Badacze należący do Centrum Technologiczne Euroecatz siedzibą w Barcelonie (Hiszpania) właśnie ogłosili, że po wielu miesiącach badań i rozwoju udało im się zaprojektować nową technologię, która pozwala produkuje części wzmocnione włóknem węglowym za pomocą druku 3D. Technologia, która między innymi pozwoliłaby na wykonanie części do 3 razy lżejszych niż te wykonane z tytanu przy dość drastycznym obniżeniu kosztów.

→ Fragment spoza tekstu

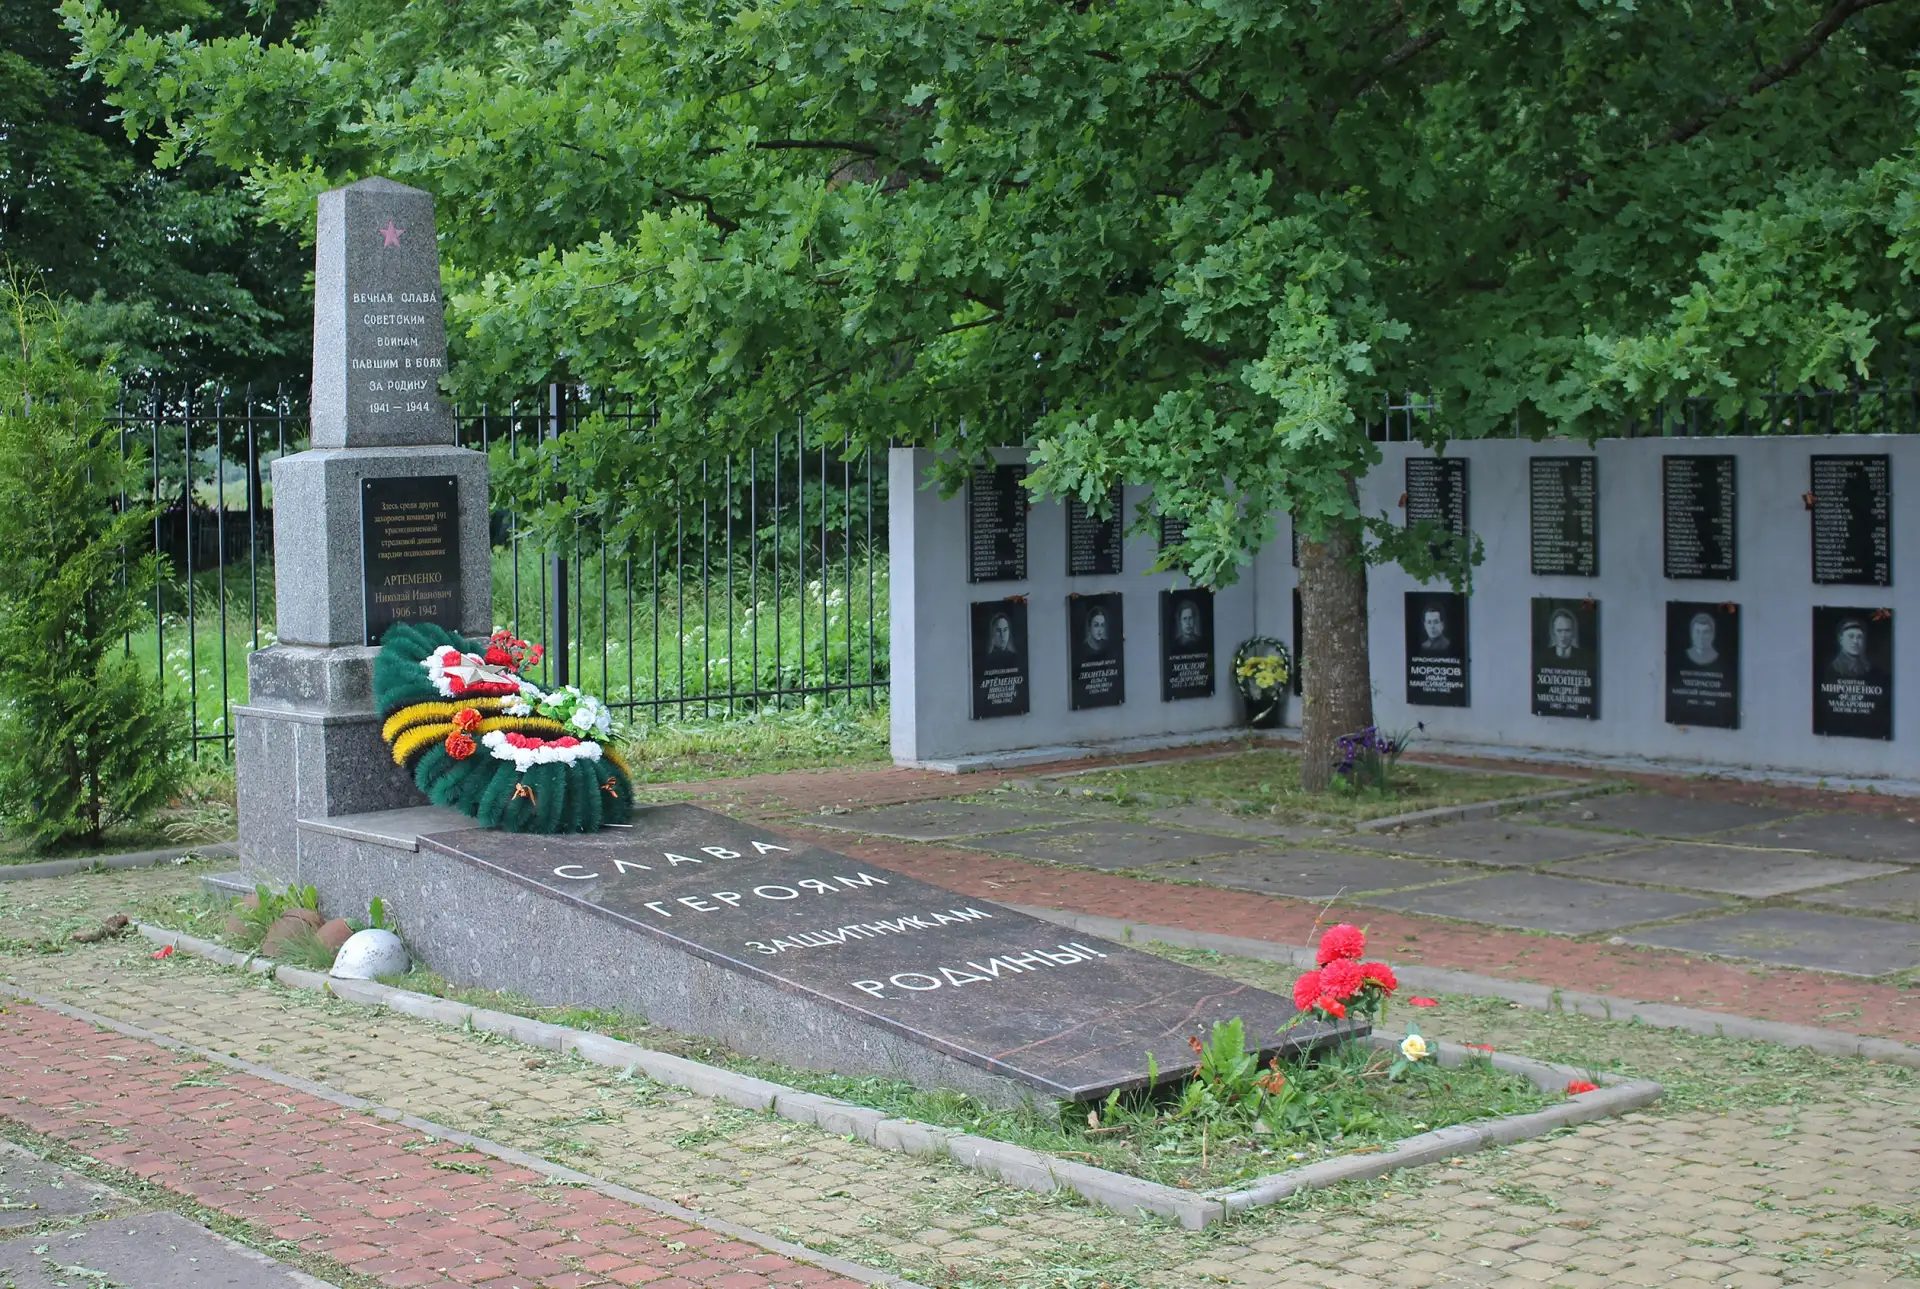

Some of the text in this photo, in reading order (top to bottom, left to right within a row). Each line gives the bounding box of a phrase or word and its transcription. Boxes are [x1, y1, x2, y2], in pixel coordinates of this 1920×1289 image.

[353, 292, 437, 303] ВЕЧНАЯ СЛАВА
[364, 314, 425, 324] СОВЕТСКИМ
[377, 336, 418, 346] ВОИНАМ
[352, 357, 442, 369] ПАВШИМ В БОЯХ
[369, 379, 428, 391] ЗА РОДИНУ
[370, 402, 389, 413] 1941
[406, 402, 429, 412] 1944
[418, 501, 440, 511] других
[436, 511, 447, 519] 191
[384, 572, 442, 586] АРТЕМЕНКО
[375, 589, 452, 603] Николай Иванович
[392, 607, 411, 618] 1906
[418, 605, 437, 616] 1942
[1411, 666, 1462, 676] МОРОЗОВ
[1537, 674, 1592, 687] ХОЛОПЦЕВ
[1821, 684, 1883, 696] МИРОНЕНКО
[553, 840, 790, 880] СЛАВА
[644, 871, 889, 918] ГЕРОЯМ
[744, 906, 993, 956] ЗАЩИТНИКАМ
[850, 942, 1108, 999] РОДИНЫ!
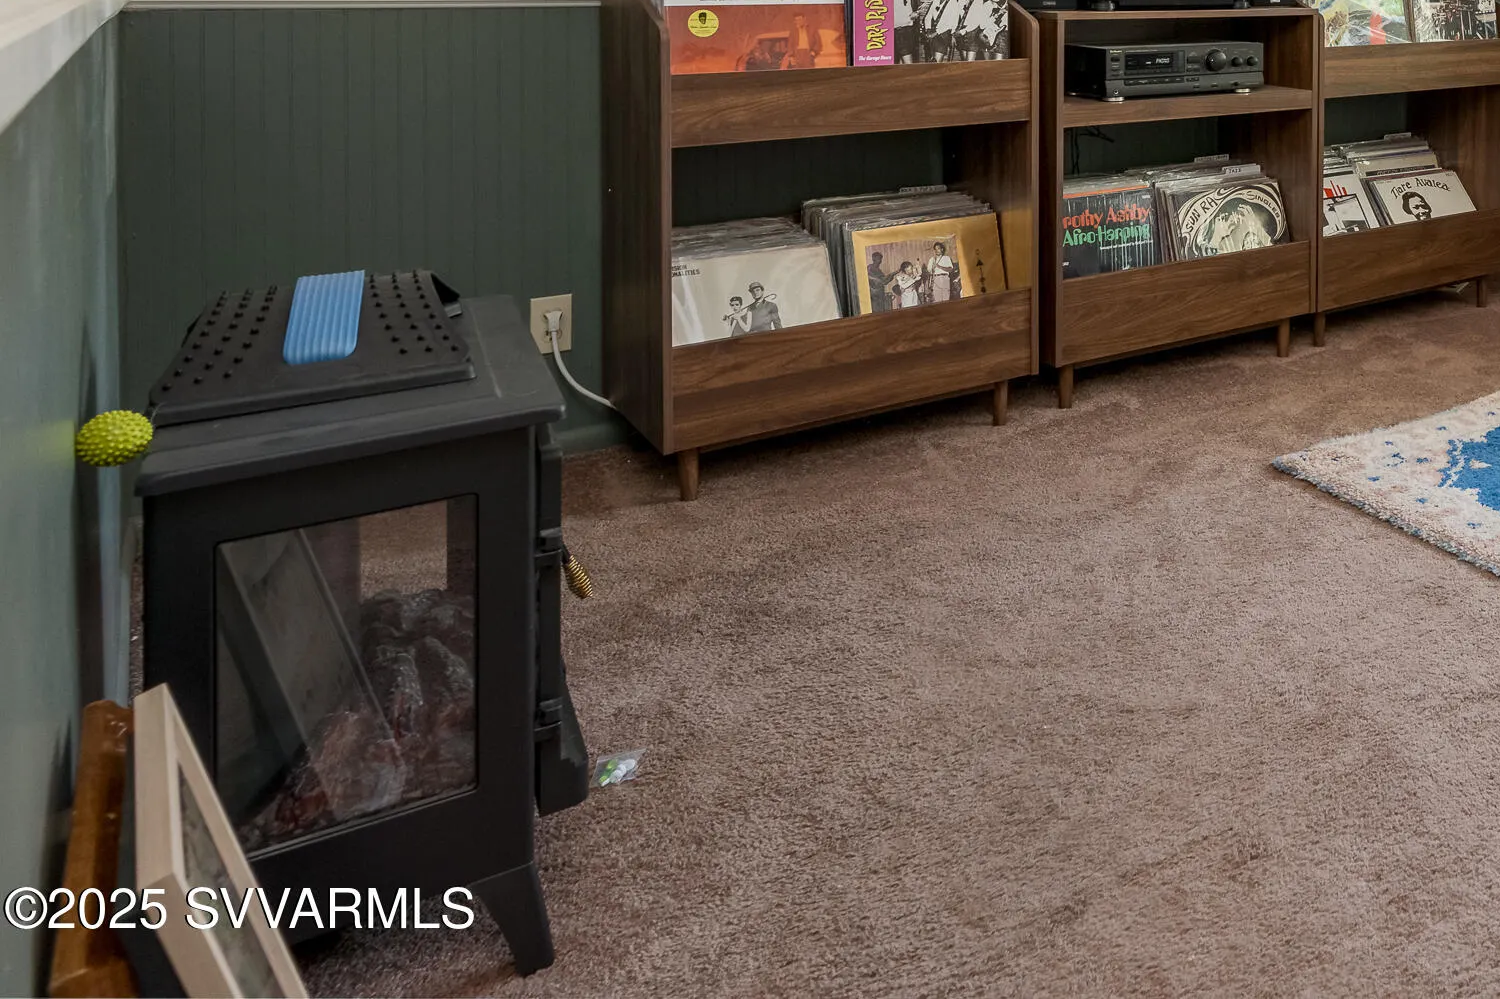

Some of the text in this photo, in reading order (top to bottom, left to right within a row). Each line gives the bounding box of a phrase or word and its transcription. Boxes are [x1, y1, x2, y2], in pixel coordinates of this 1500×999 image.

[865, 22, 889, 51] DARA
[1106, 204, 1150, 224] Ashby
[1185, 196, 1219, 233] SUN RA
[1063, 221, 1151, 247] Afro-Harping

Jak skomentował podczas wystawy, na której Marc crescenti, jedna z osób odpowiedzialnych za Eurecat mówiła o projekcie, jedną z zalet nowych technologii jest to, że pozwalają one na obróbkę bardzo różnorodnych materiałów, w tym tworzyw sztucznych, ceramiki i metali lub bezpośrednio dają możliwość umieszczania włókien w we wszystkich kierunkach z dużą swobodą projektowania, co z kolei pozwala na dalsze zmniejszenie ciężaru konstrukcji, co jest szczególnie interesujące w sektorach takich jak lotnictwo.

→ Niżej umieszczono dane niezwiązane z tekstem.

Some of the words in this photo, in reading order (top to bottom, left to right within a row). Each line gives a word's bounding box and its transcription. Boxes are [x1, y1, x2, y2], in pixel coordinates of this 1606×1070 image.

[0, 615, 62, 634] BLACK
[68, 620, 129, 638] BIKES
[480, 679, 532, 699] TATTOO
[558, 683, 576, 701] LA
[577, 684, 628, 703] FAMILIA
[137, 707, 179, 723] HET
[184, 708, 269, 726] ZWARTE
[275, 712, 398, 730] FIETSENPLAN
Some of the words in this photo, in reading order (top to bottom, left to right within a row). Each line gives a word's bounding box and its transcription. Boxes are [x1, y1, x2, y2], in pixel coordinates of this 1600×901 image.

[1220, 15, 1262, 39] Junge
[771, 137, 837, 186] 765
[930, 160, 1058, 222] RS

Technicznie rzecz biorąc, te nowe badania, a zwłaszcza ich wyniki, mogłyby być przystosowany bez większych problemów do dowolnej z wielu technologii druku 3D że dzisiaj współistnieją na rynku. Pozwoliłoby to na produkcję wysoce zoptymalizowanych konstrukcji dzięki zastosowaniu wysokowydajnych materiałów, tak aby można było pójść o krok dalej i opracować nasze znacznie lżejsze i mocniejsze konstrukcje.

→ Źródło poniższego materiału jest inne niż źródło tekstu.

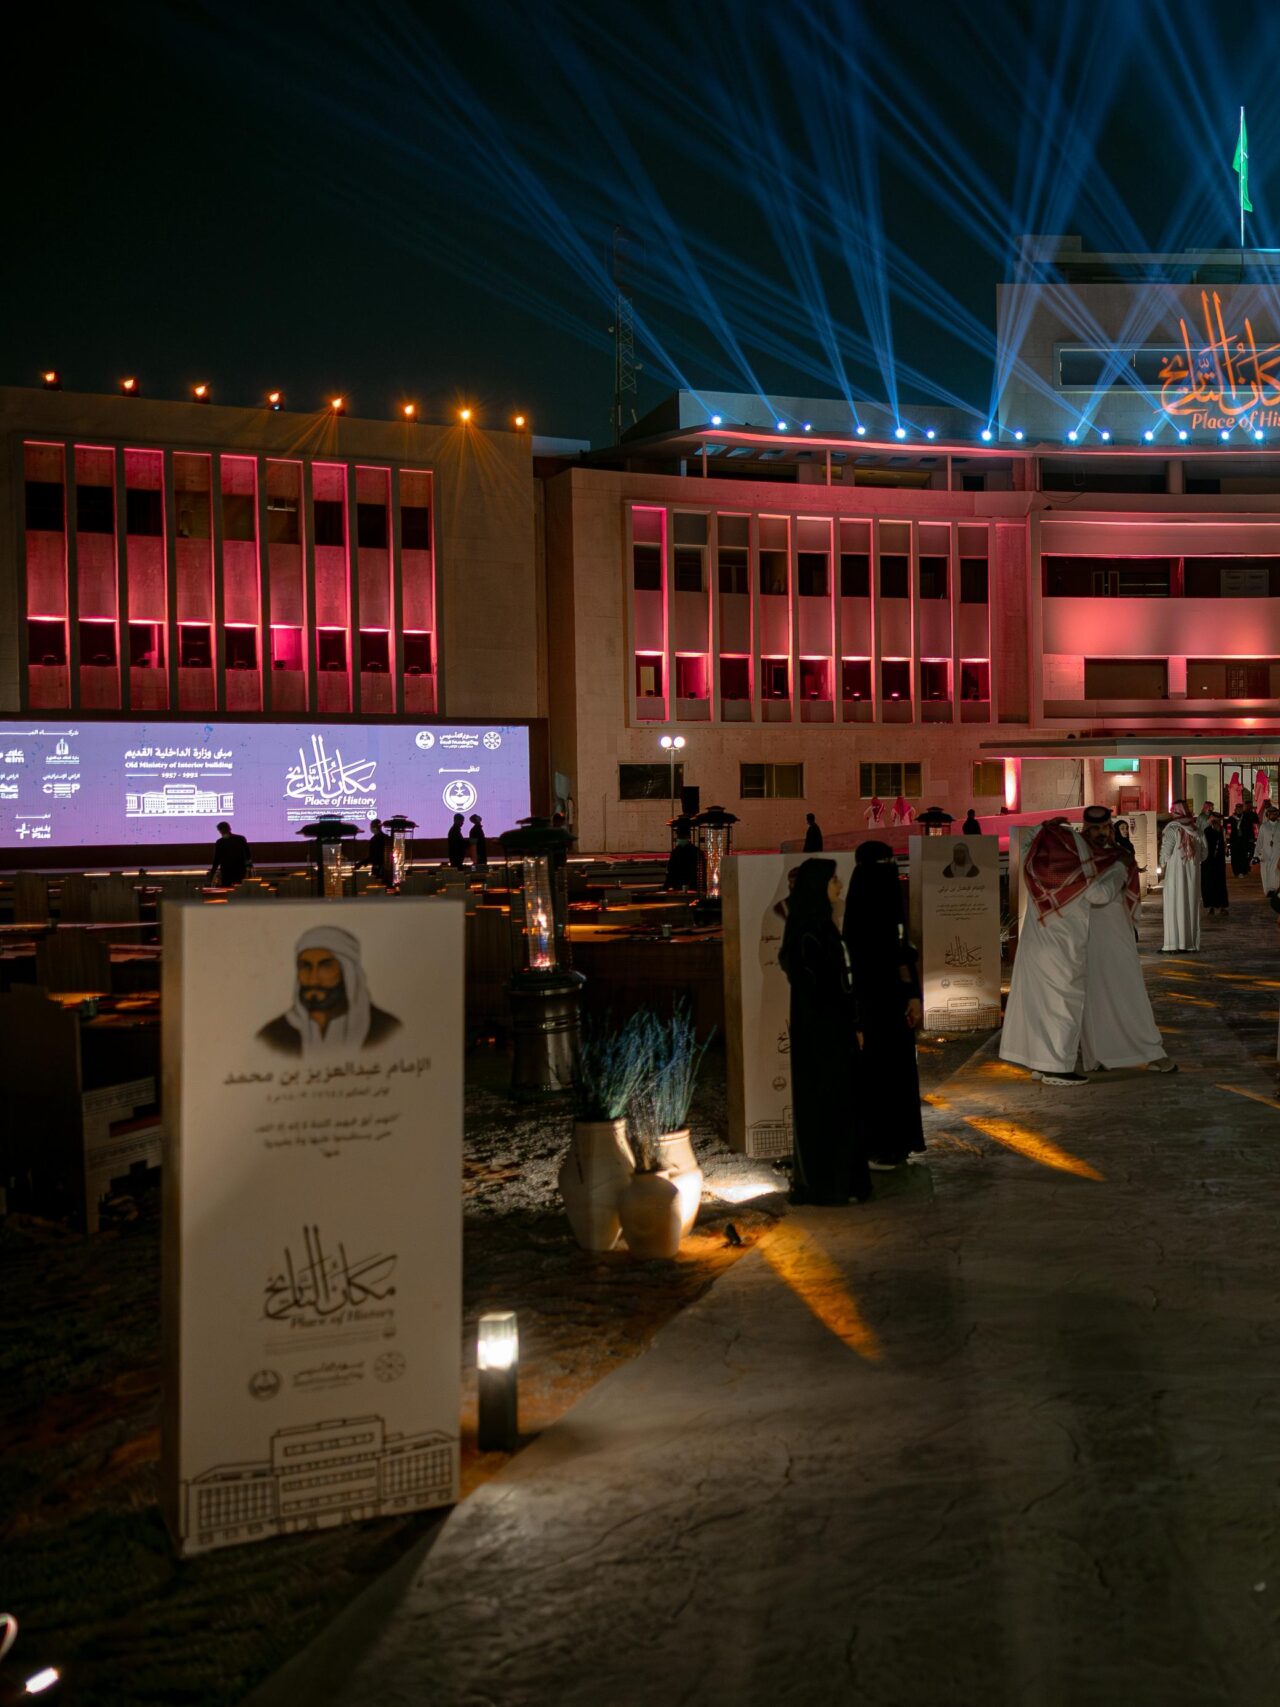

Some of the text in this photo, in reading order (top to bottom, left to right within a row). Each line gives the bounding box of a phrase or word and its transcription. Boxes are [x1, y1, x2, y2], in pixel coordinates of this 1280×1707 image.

[1192, 413, 1236, 430] Place
[1239, 411, 1258, 432] of
[4, 756, 24, 764] elm
[124, 747, 233, 760] مبنى وزارة الداخلية القديم
[140, 762, 167, 770] Ministry
[204, 762, 233, 770] building
[320, 748, 377, 799] مكان
[304, 795, 377, 808] Place of History
[386, 1056, 433, 1080] الإمام
[222, 1071, 275, 1086] محمد
[279, 1070, 300, 1087] بن
[313, 1242, 398, 1317] مكان

Bez wątpienia stoimy przed nowym krokiem niektórym sektorom z pewnością się spodoba które już dziś zaczynają realnie korzystać z tego typu technologii np. w branży motoryzacyjnej czy lotniczej, gdyż pozwoliłoby im to na wykonanie znacznie bardziej wytrzymałych części, będąc jednocześnie szybszymi, bardziej ekologicznymi i przede wszystkim chyba najciekawsze dla tego typu firmy ma na celu znaczne obniżenie kosztów wytworzenia danego produktu.